More historical documents, that is. In February, Kardatzke loaned letters penned by Charles Dickens to the university, and one of them was discovered to have been unpublished.
“I’ve been in touch with Leon Litvack, one of the editors of the Dickens letters, and he was the first one to tell me that the letter was unknown,” said Dr. Rick Simmons, director of the Center of Educational Excellence and an associate professor of English. “He confirmed it and was really excited.”
Simmons said it looks like the additional Dickens letter Tech received from Kardatzke is another uncataloged Dickens letter.
He added that Tech now has handwritten documents by all three notable 19th-century British Poet Laureates – Robert Southey, William Wordsworth and Alfred, Lord Tennyson – in the collection.

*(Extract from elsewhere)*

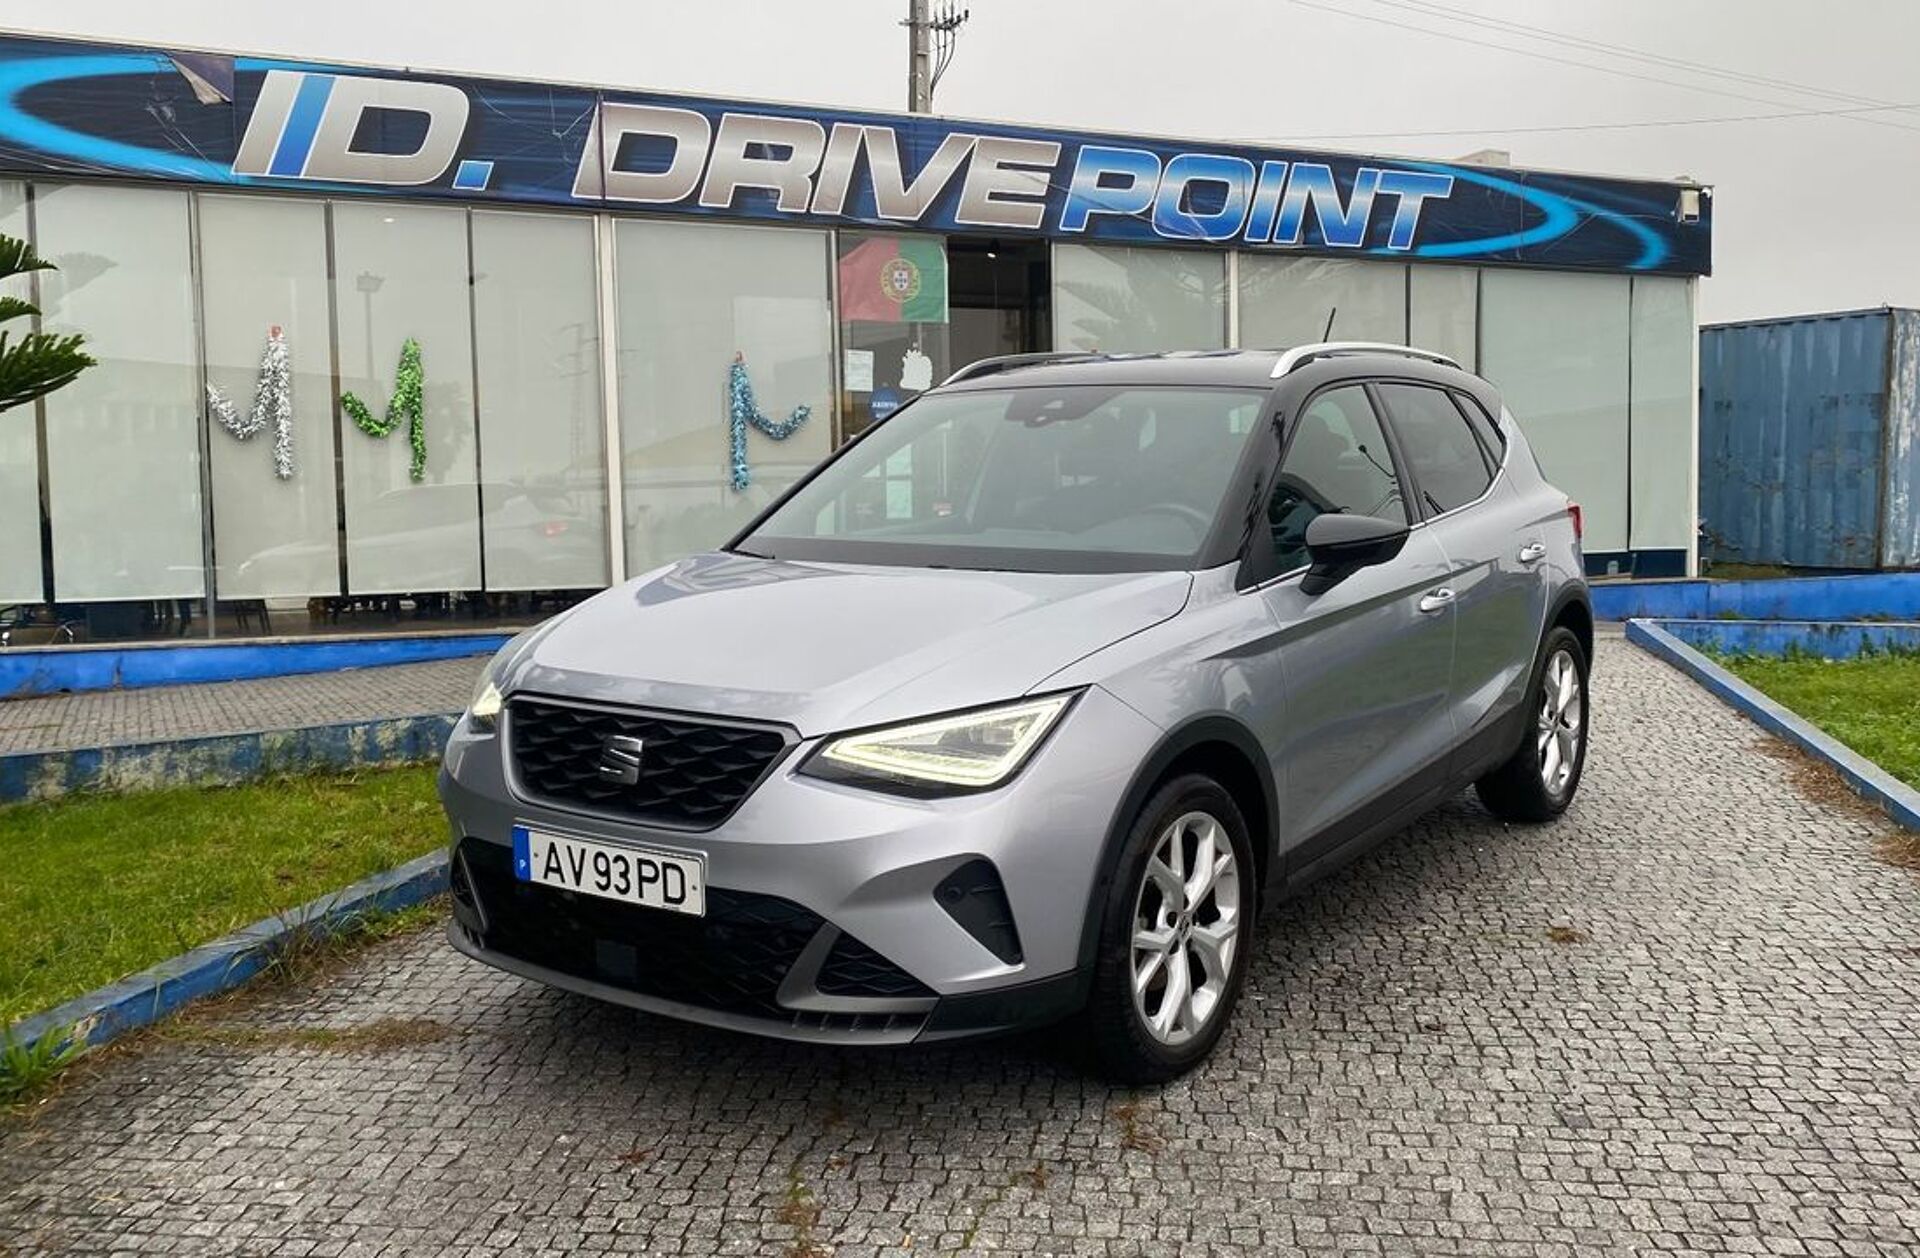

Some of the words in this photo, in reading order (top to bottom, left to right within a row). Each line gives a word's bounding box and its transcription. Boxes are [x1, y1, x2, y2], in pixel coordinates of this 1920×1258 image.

“I can’t imagine there are many places in the world that have the work of these three men in their own handwriting in the same room,” Simmons said. “Other than a few years at the beginning and the end of the century, those three men were Poet Laureates during the majority of the 19th century.”
Kardatzke and her husband Jon visited Tech’s archives, located on the fourth floor of Prescott Memorial Library, on Thursday, March 12 to see the Dickens letters displayed, along with other items they have loaned the university, including a 17th century biography of Queen Elizabeth and several other framed and matted letters written by Ralph Waldo Emerson, William Wordsworth and several others.
“It’s beautiful, absolutely beautiful,” Kardatzke said when viewing the display, which is open to the public. “I’m really thrilled to see it. All of these are very dear to my heart, but the university is very dear, too.”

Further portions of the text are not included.